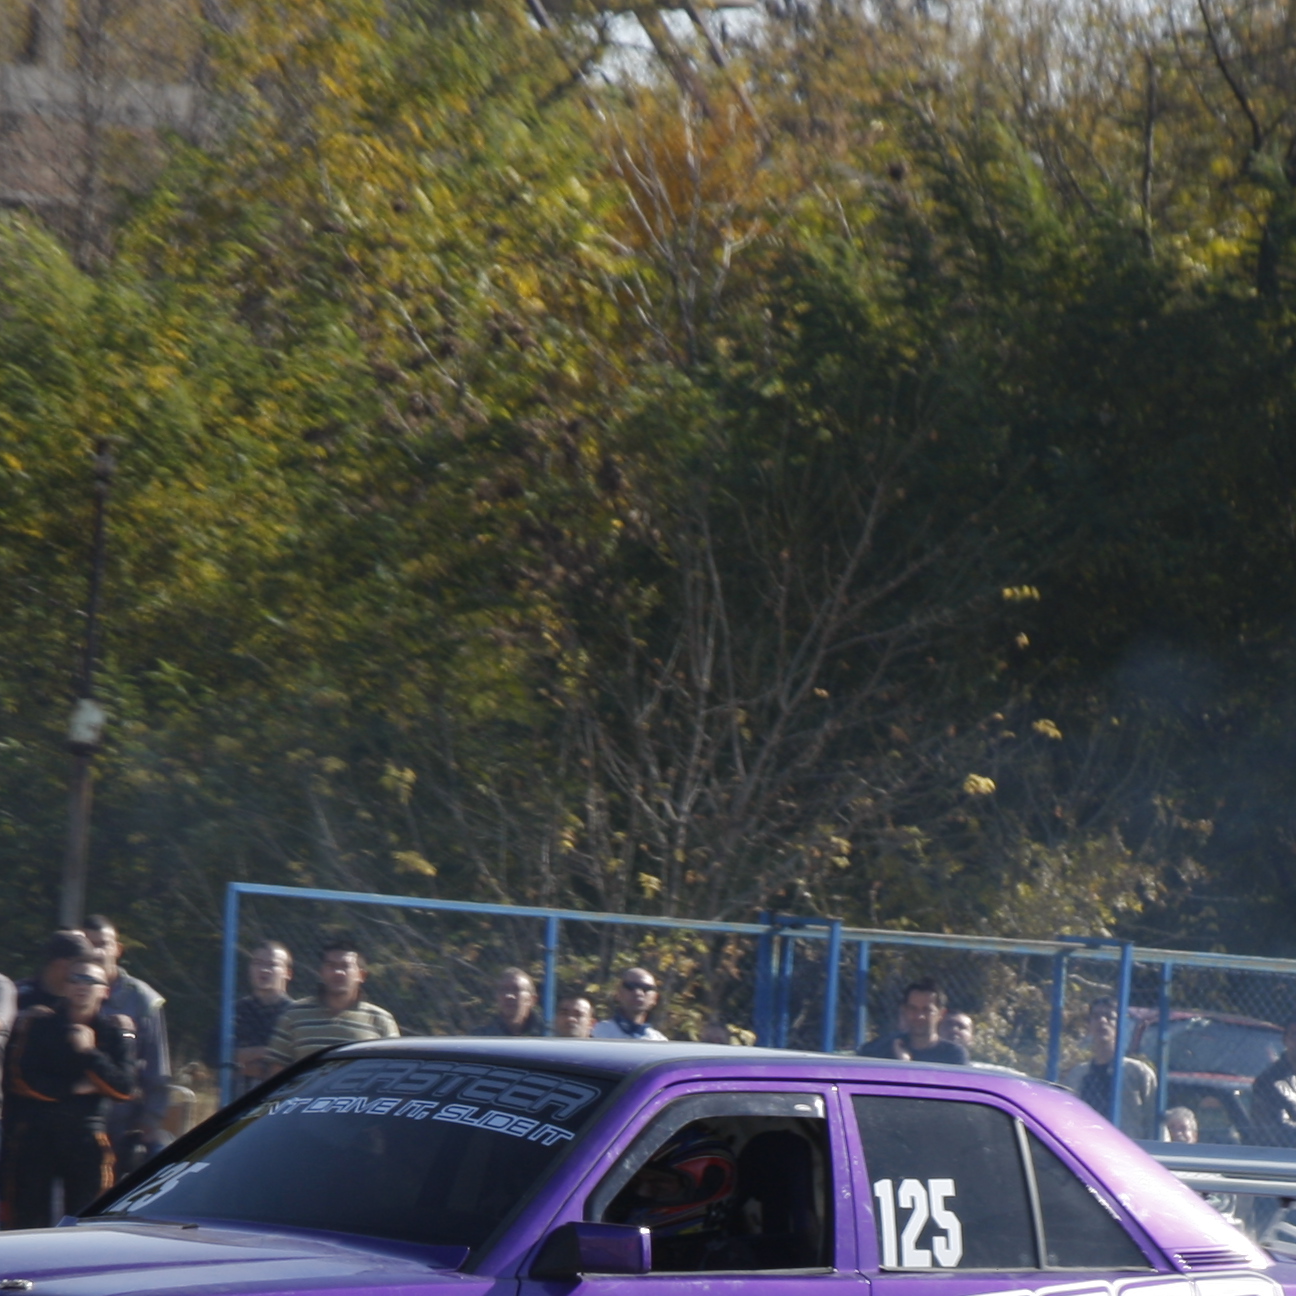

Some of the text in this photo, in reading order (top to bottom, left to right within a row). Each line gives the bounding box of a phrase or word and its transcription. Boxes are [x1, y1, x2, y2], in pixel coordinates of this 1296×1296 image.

[301, 1096, 403, 1116] DRIVE
[432, 1103, 538, 1139] SLIDE
[528, 1123, 575, 1146] IT
[873, 1178, 963, 1268] 125
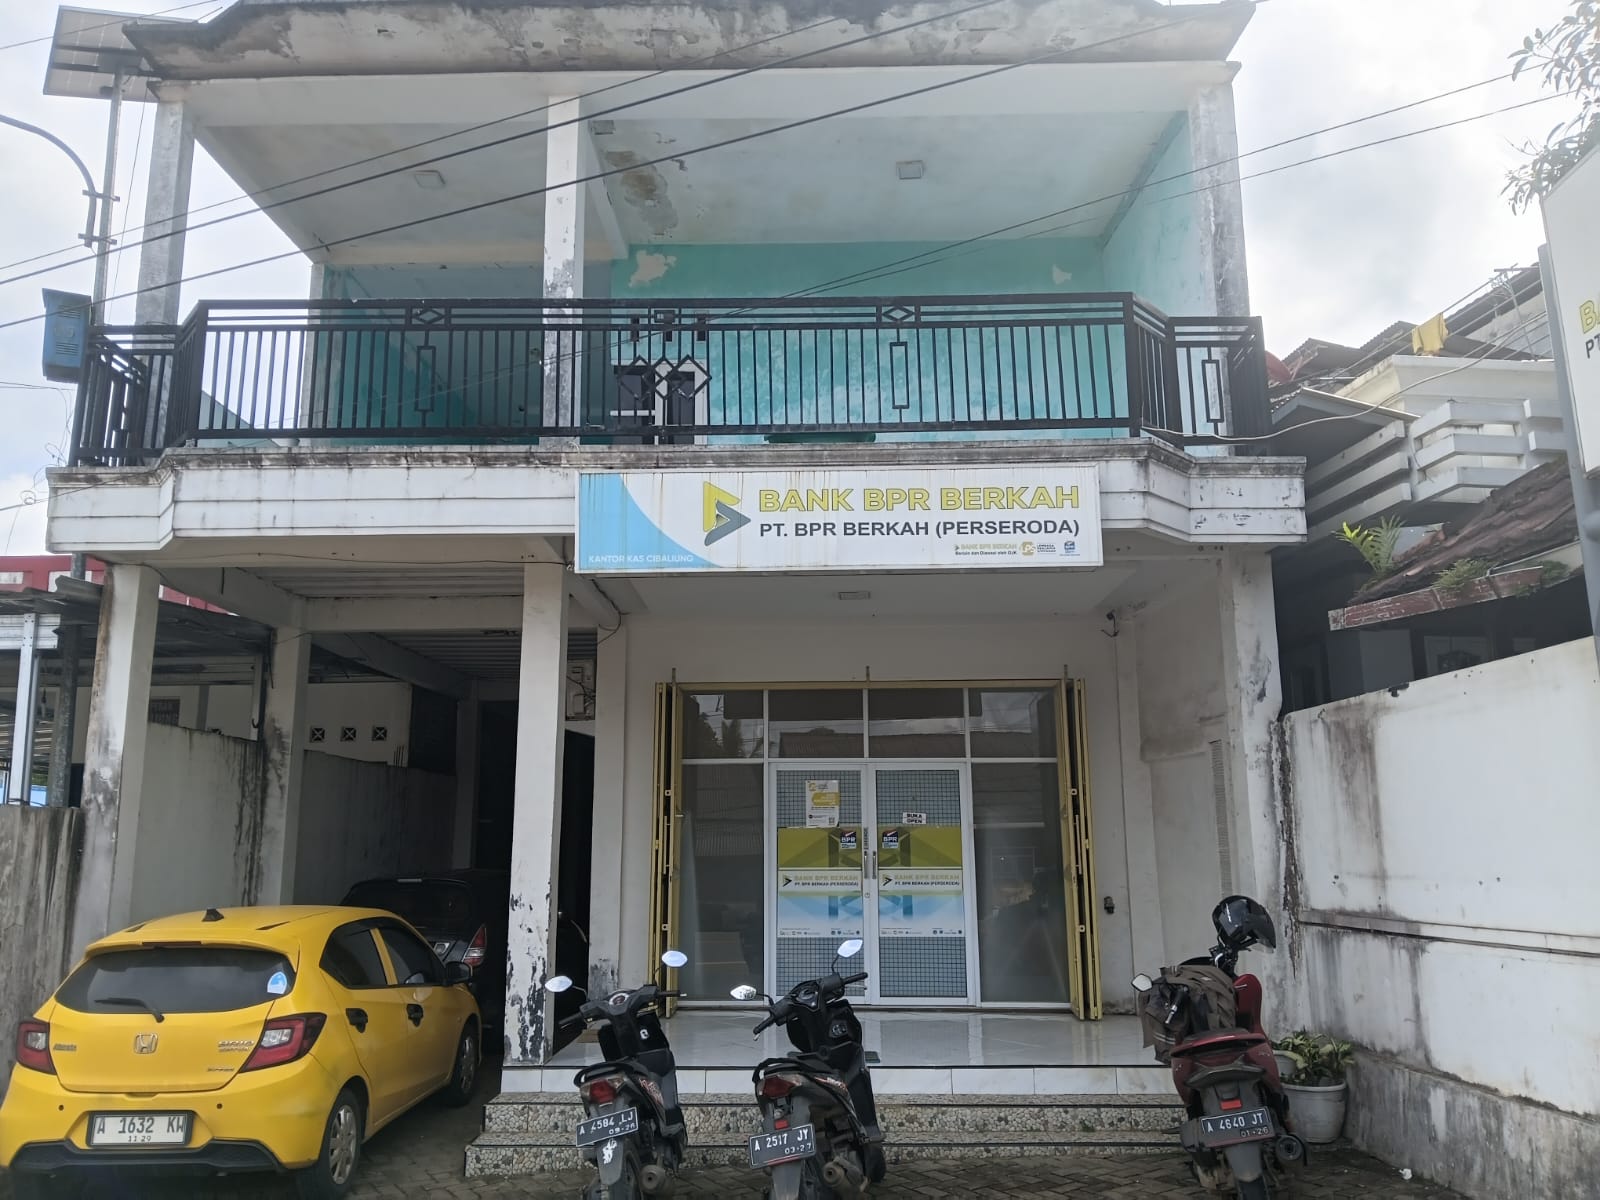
·····
Print the material above word for word, and keep the pictures out of it.

Worked solution =>
Some of the text in this photo, in reading order (top to bottom, left to right within a row). Each line gives the bounding box of a phrase or word and its transcription. Boxes are [x1, y1, x2, y2], in pixel coordinates of this 1296×1296 image.

[301, 1096, 403, 1116] DRIVE
[432, 1103, 538, 1139] SLIDE
[528, 1123, 575, 1146] IT
[873, 1178, 963, 1268] 125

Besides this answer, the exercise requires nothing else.